Tutorial
Explore biodiversity with NEON algae data
Authors: Eric R. Sokol
Last Updated: May 5, 2022
Learning Objectives
After completing this tutorial you will be able to:
- Use the ecocomDP package to download NEON algae data.
- Analyze biodiversity metrics using the
vegan
package
Things You’ll Need To Complete This Tutorial
R Programming Language
You will need a current version of R to complete this tutorial. We also recommend the RStudio IDE to work with R.
R Packages to Install
Prior to starting the tutorial ensure that the following packages are installed.
-
tidyverse:
install.packages("tidyverse")
-
neonUtilities:
install.packages("neonUtilities")
-
vegan:
install.packages("vegan")
-
ecocomDP:
install.packages("ecocomDP")
More on Packages in R – Adapted from Software Carpentry.
Introduction
In this code-along tutorial, we will explore how to find and download NEON biodiversity data using the ecocomDP package for R, which has been developed by the Environmental Data Initiative (EDI) in collaboration with NEON staff.
What is ecocomDP?
"ecocomDP" is both the name of an R package and a data model.
EDI describes the ecocomDP data model as "A dataset design pattern for ecological community data to facilitate synthesis and reuse".
See the ecocomDP github repo here: https://github.com/EDIorg/ecocomDP.
The motivation is for both NEON biodiversity data products and EDI data packages, including data from the US Long Term Ecological Research Network and Macrosystems Biology projects, to be discoverable through a single data search tool, and to be delivered in a standard format. Our objective here is to demonstrate how the workflow will work with NEON biodiversity data packages.
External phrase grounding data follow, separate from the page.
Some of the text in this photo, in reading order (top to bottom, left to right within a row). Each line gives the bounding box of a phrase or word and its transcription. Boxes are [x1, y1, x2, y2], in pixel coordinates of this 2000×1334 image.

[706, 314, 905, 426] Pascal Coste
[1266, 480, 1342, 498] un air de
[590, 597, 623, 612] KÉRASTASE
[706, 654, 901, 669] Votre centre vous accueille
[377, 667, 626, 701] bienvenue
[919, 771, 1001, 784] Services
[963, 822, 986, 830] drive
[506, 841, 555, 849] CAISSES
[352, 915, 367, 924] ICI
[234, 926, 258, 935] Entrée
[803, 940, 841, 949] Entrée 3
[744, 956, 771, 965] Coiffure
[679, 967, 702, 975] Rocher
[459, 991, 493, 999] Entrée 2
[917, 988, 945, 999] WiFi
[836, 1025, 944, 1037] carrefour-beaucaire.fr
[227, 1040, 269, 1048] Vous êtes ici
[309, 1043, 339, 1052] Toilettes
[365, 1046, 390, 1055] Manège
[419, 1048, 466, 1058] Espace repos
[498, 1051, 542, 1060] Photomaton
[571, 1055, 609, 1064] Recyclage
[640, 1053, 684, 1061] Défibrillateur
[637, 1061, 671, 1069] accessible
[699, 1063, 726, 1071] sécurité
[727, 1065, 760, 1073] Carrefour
Load Libraries and Prepare Workspace
First, we will load all necessary libraries into our R environment. If you have not already installed these libraries, please see the 'R Packages to Install' section above.
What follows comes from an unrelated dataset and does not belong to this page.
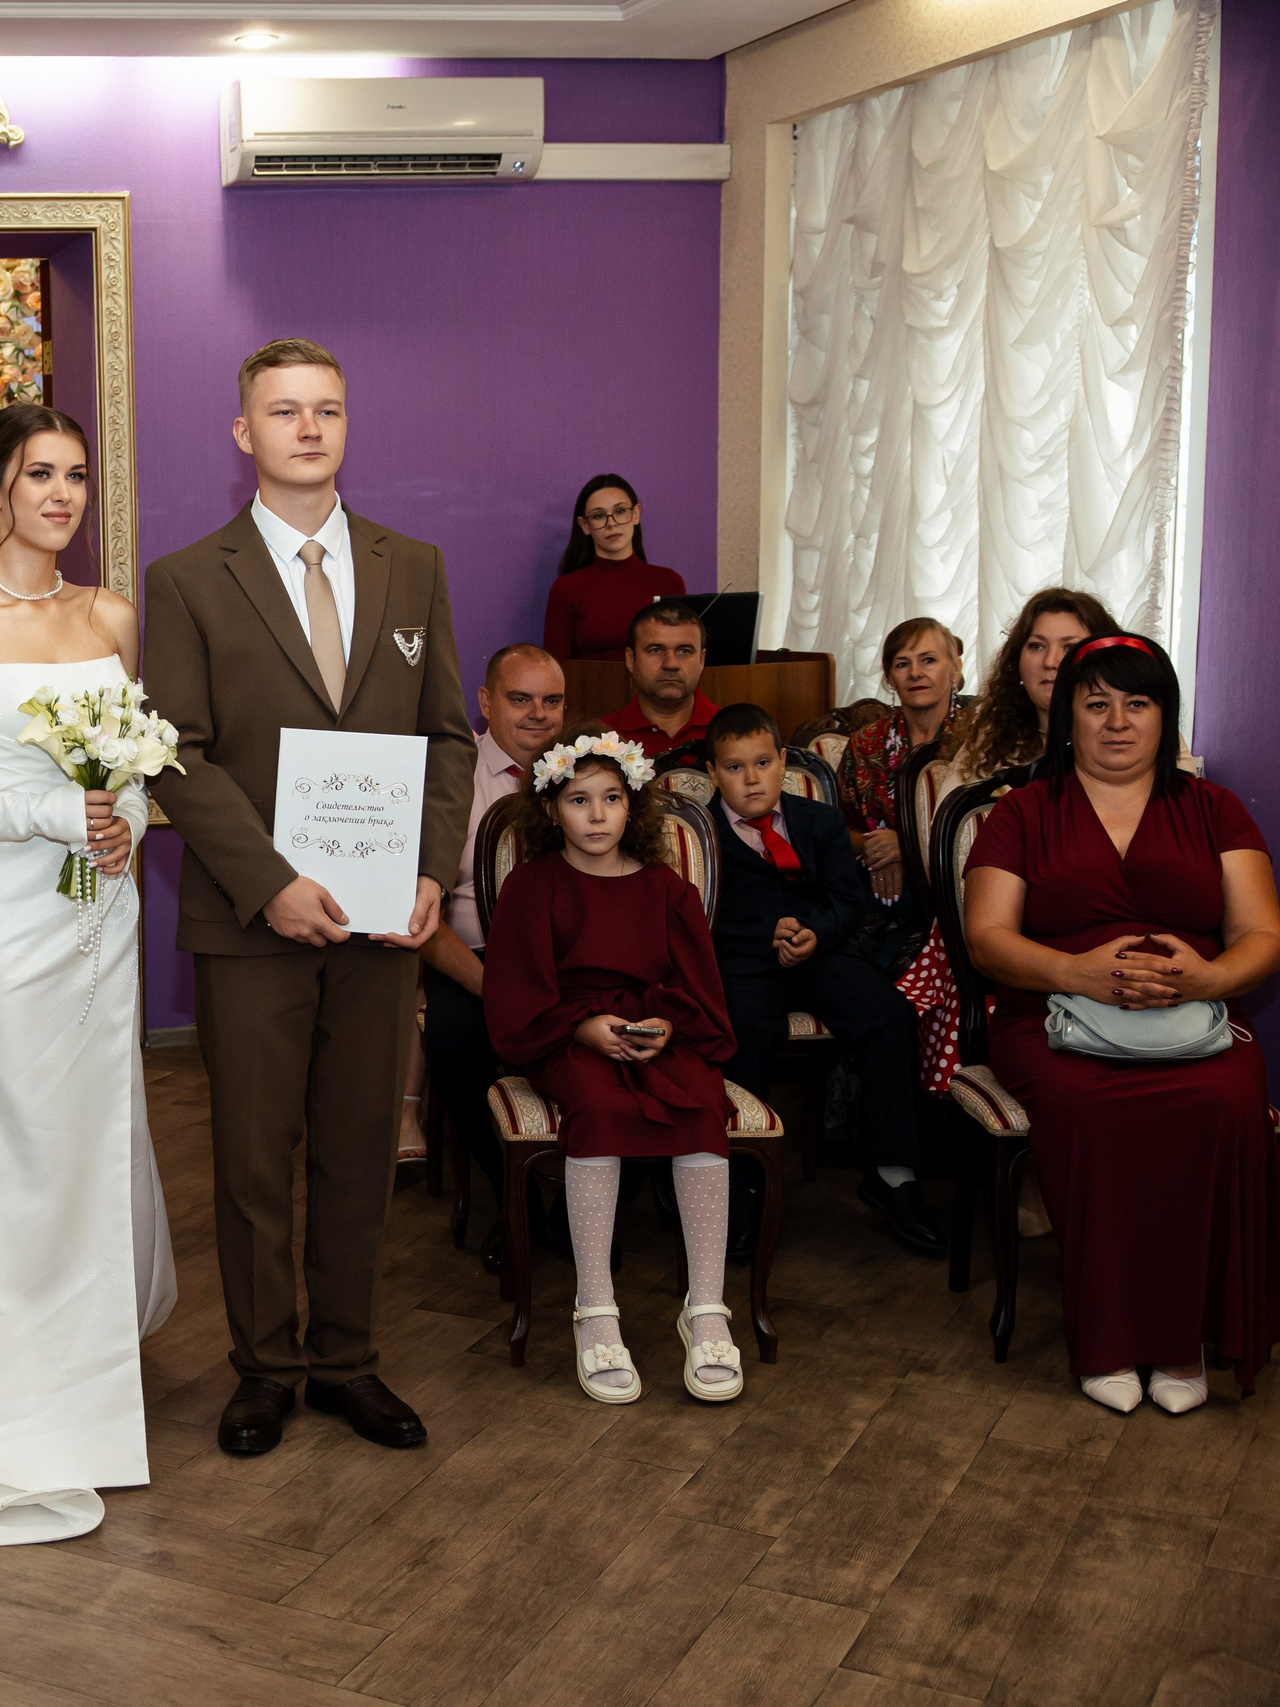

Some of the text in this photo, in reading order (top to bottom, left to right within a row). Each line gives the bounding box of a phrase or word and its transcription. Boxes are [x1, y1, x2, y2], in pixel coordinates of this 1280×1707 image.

There are also two optional sections in this code chunk: clearing your environment, and loading your NEON API token. Clearing out your environment will erase all of the variables and data that are currently loaded in your R session. This is a good practice for many reasons, but only do this if you are completely sure that you won't be losing any important information! Secondly, your NEON API token will allow you increased download speeds, and helps NEON anonymously track data usage statistics, which helps us optimize our data delivery platforms, and informs our monthly and annual reporting to our funding agency, the National Science Foundation. Please consider signing up for a NEON data user account, and using your token as described in this tutorial here.
# clean out workspace
#rm(list = ls()) # OPTIONAL - clear out your environment
#gc() # Uncomment these lines if desired
# load packages
library(tidyverse)
library(neonUtilities)
library(vegan)
library(ecocomDP)
# source .r file with my NEON_TOKEN
# source("my_neon_token.R") # OPTIONAL - load NEON token
# See: https://www.neonscience.org/neon-api-tokens-tutorial
Download Macroinvertibrate Data
In this first step, we show how to search the ecocomDP database for macroinvertebrate data including those from LTER and NEON sites (and others).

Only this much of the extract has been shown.